◆ ASSIGNMENT ◆
The expected output is the full set of entries, printed exactly, without pictures.

DATA SECTION Start Marker

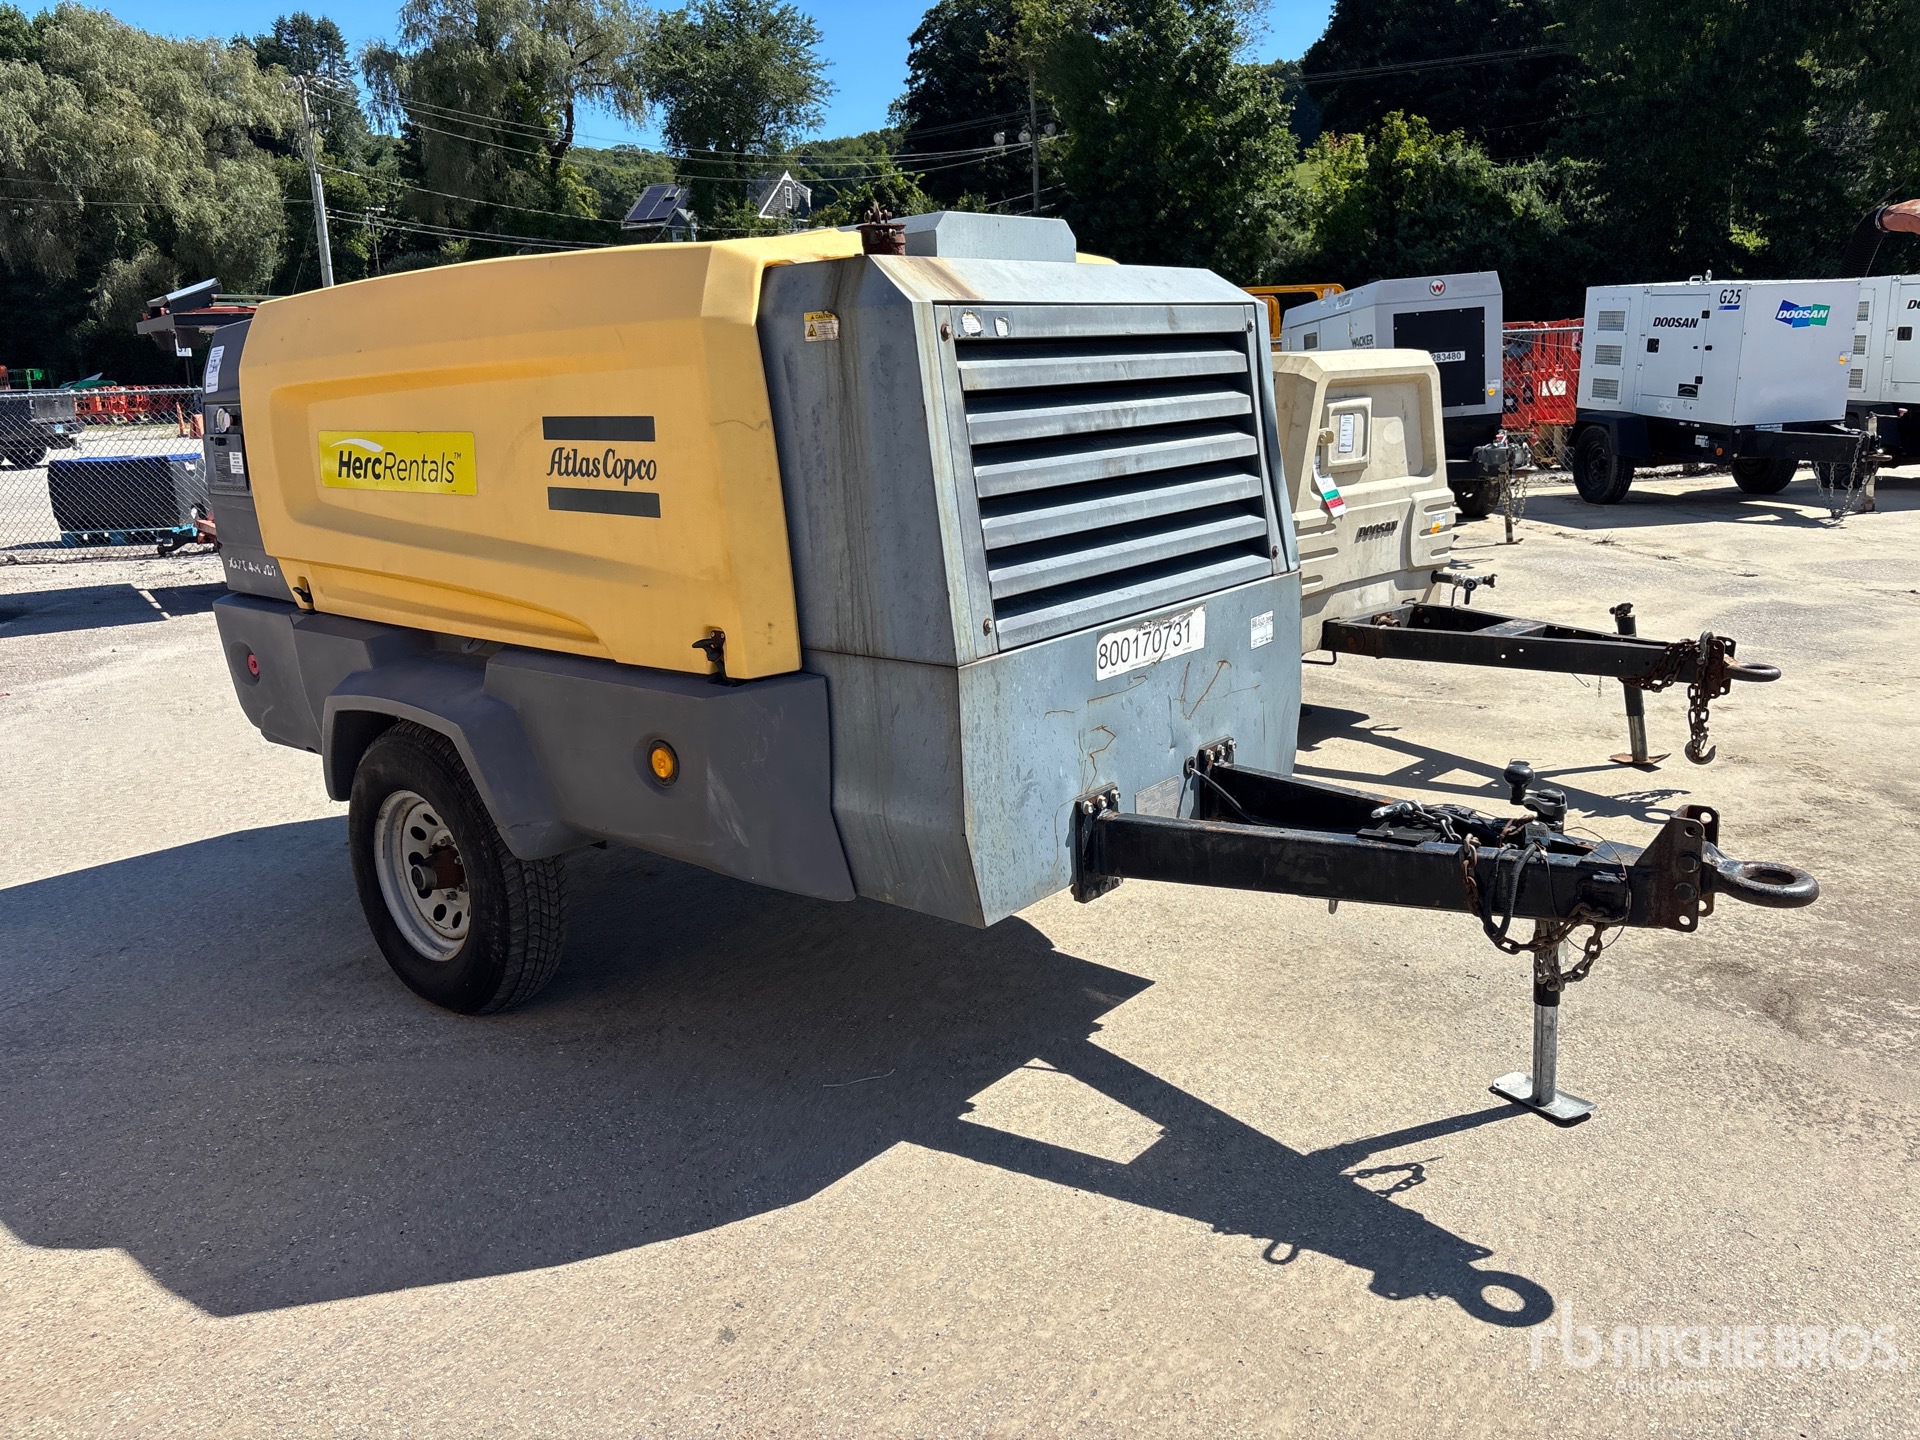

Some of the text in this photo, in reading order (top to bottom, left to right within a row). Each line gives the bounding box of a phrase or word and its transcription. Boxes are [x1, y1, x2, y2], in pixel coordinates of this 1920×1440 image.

[1719, 289, 1742, 304] G25
[1653, 316, 1699, 328] DOOSAN
[1777, 309, 1829, 319] DOOSAN
[1351, 334, 1374, 349] WACKER
[337, 450, 455, 484] HercRentals
[546, 447, 657, 486] Atlas Copco
[1357, 520, 1398, 537] DOOSAN
[1098, 619, 1190, 670] 800170731

DATA SECTION End Marker

◆ TASK RESPONSE ◆
Some of the text in this photo, in reading order (top to bottom, left to right within a row). Each line gives the bounding box of a phrase or word and its transcription. Boxes are [x1, y1, x2, y2], in pixel coordinates of this 1920×1440 image.

[1719, 289, 1742, 304] G25
[1653, 316, 1699, 328] DOOSAN
[1777, 309, 1829, 319] DOOSAN
[1351, 334, 1374, 349] WACKER
[337, 450, 455, 484] HercRentals
[546, 447, 657, 486] Atlas Copco
[1357, 520, 1398, 537] DOOSAN
[1098, 619, 1190, 670] 800170731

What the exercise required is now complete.